Notons aussi que le choix des hommes compte sur ce chemin semé d’embûches. Dans la suspicion qui existe entre une partie de la population et les forces de l’ordre, le problème ne vient pas directement des policiers, mais de la stratégie qu’on leur demande d’appliquer. Les hommes comptent dans ces matières : M. Papon était dans les années 1960 Préfet de police de Paris ; sous son autorité ont eu lieu le Massacre de Charonne (8 février 1962, 9 morts et 250 blessés) et celui des manifestants pro-FLN du 17 octobre 1961 (pas moins de 200 morts). Le Préfet Grimaud qui lui a succédé avait une toute autre politique en matière de maintien de l’ordre, il est évident que de nombreux manifestants de Mai-68 doivent la vie à ce changement de préfet. À un moment, il y a la responsabilité des chefs qui donnent des consignes et des stratégies, et les policiers ne sont souvent que des agents qui doivent obéir aux ordres qui leur ont été donnés (tant qu’ils ne sont pas illégaux). Rappelons le courrier adressé à ses troupes par le Préfet Grimaud le 29 mai 1968 : « Frapper un manifestant tombé à terre, c’est se frapper soi-même en apparaissant sous un jour qui atteint toute la fonction policière. Il est encore plus grave de frapper des manifestants après arrestation et lorsqu’ils sont conduits dans des locaux de police pour y être interrogés. Je sais que ce que je dis là sera mal interprété par certains, mais je sais que j’ai raison et qu’au fond de vous-mêmes vous le reconnaissez. » La hiérarchie, l’administration républicaine et ses cadres se doivent en tout temps et toute circonstance d’impulser un discours, des consignes et des stratégies conformes à l’idéal républicain, si l’on veut que l’ensemble des représentant de l’État en toute matière (et pas seulement en ce qui concerne la sécurité et le maintien de l’ordre) agisse selon les principes républicains.

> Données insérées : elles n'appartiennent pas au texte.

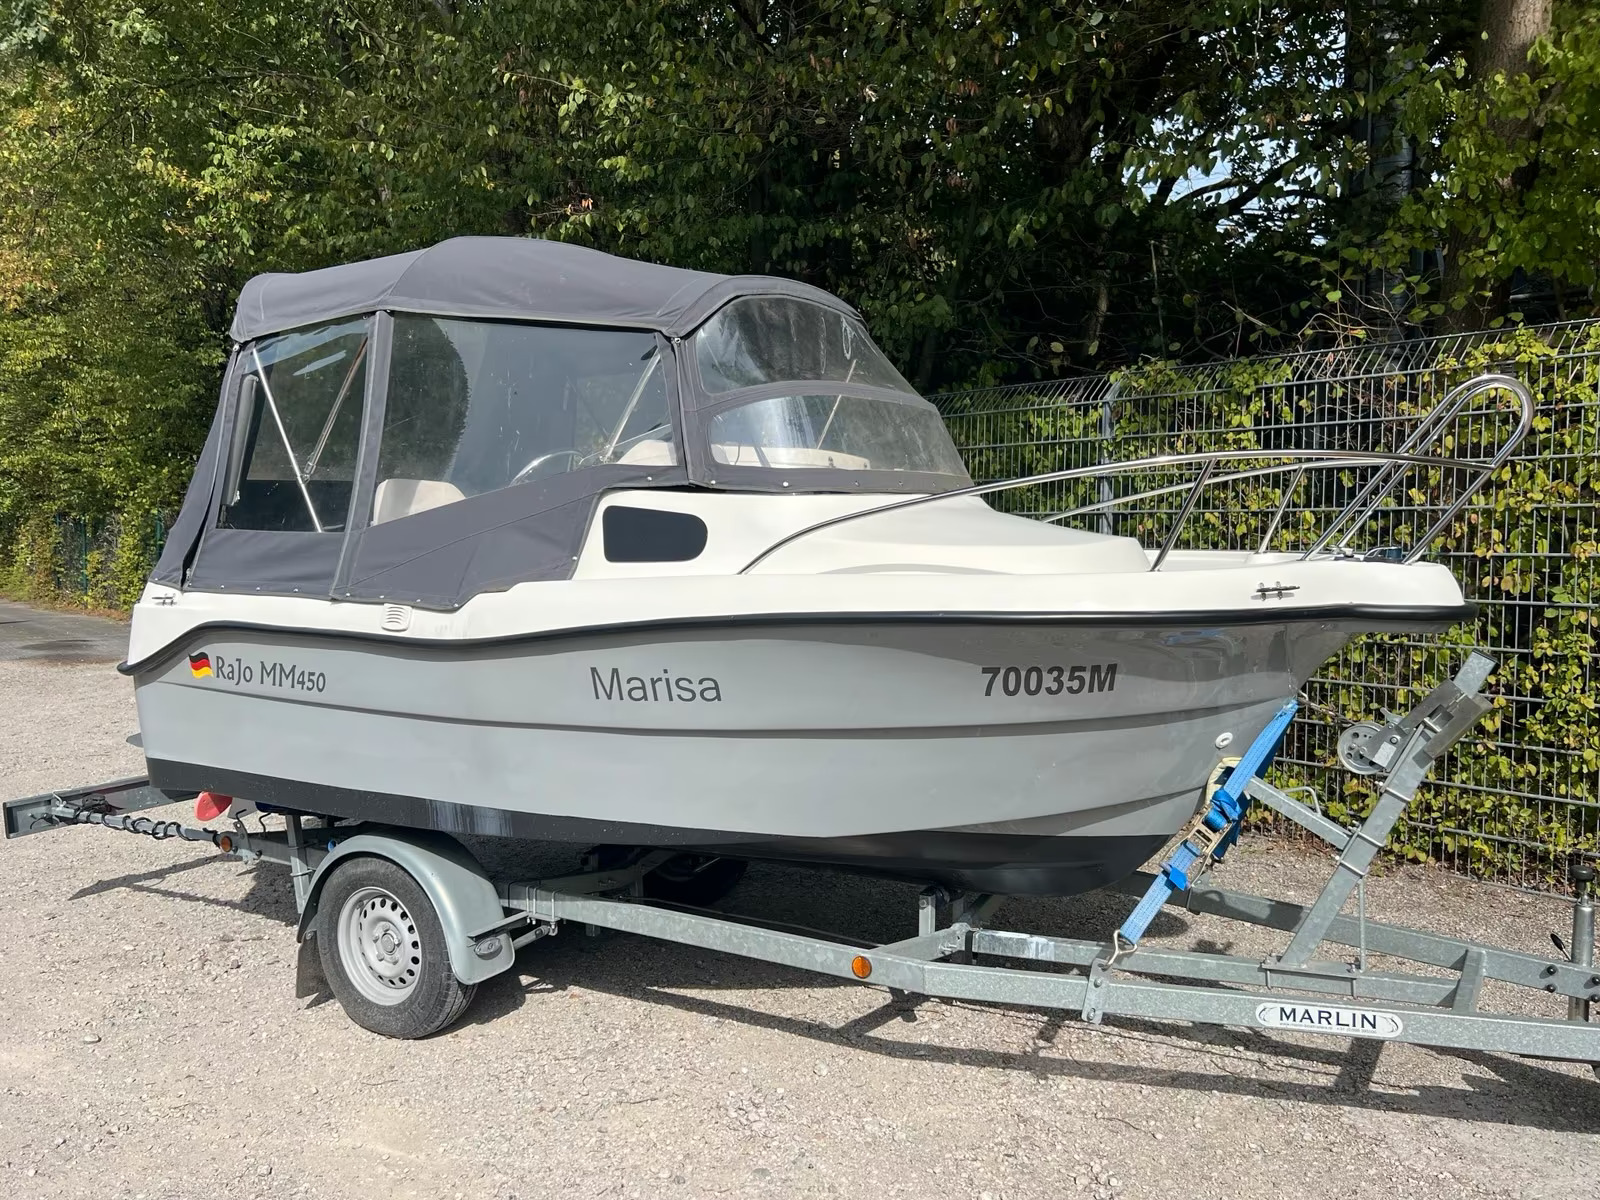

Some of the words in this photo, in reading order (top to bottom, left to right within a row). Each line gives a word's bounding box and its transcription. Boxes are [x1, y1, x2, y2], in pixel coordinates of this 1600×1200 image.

[215, 655, 253, 686] RaJo
[260, 660, 326, 693] MM450
[590, 666, 722, 702] Marisa
[981, 663, 1118, 697] 70035M
[1279, 1006, 1377, 1029] MARLIN

L’éducation est aussi un terrain à réinvestir. Nous avons insisté plus haut sur l’enseignement de l’histoire, sur un récit national qui prenne mieux en compte la diversité du peuple français, qui tienne compte avec raison des faces sombres et lumineuses de notre pays. Faire face à notre histoire avec réalisme est la meilleure manière de renforcer l’unité de la communauté nationale. Il faudra donc revoir notre enseignement de l’esclavage et de la colonisation, l’enseignement des l’histoire de l’Outre Mer et des pays qui ont été si fortement liés, pour le pire mais parfois aussi le meilleur, au nôtre avant de prendre leurs indépendances. Le fait que l’immigration algérienne se soit poursuivie – dans des proportions importantes – après 1962 montre également que la France était capable de dépasser la guerre civile qu’elle avait subi et fait subir des deux côtés de la Méditerrannée. Il ne faut pas non plus oublier les conditions souvent indécentes dans lesquelles beaucoup de travailleurs maghrébins puis leurs familles furent reçus, ou plutôt parqués. Une histoire de l’immigration doit donc être intégrée au récit national, en ayant à l’esprit que le fait que celle-ci depuis les années 1960 provienne très majoritairement de pays dont les populations ont été dominées par la France modifie quelque peu la manière dont nous pouvons atteindre les objectifs républicains d’assimilation et d’intégration que nous avons appliqués aux immigrations précédentes. Au demeurant nous récusons l’idée parfois avancée (au comptoir du café du commerce) que si les Italiens, Polonais, Yiddish, Espagnols ou Portugais ont subi un forme de « bizutage », il serait tolérable que les immigrations maghrébines et subsahariennes le subissent aussi.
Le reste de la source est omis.